About this exercise:
Retype the data below without altering anything.

--------

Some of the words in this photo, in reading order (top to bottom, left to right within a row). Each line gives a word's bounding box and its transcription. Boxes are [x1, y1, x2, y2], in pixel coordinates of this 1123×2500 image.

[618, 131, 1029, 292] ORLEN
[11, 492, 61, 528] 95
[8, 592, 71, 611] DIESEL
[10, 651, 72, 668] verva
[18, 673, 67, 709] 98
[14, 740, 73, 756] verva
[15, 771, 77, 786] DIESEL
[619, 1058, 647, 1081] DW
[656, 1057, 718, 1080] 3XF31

--------

Exercise answer:
Some of the words in this photo, in reading order (top to bottom, left to right within a row). Each line gives a word's bounding box and its transcription. Boxes are [x1, y1, x2, y2], in pixel coordinates of this 1123×2500 image.

[618, 131, 1029, 292] ORLEN
[11, 492, 61, 528] 95
[8, 592, 71, 611] DIESEL
[10, 651, 72, 668] verva
[18, 673, 67, 709] 98
[14, 740, 73, 756] verva
[15, 771, 77, 786] DIESEL
[619, 1058, 647, 1081] DW
[656, 1057, 718, 1080] 3XF31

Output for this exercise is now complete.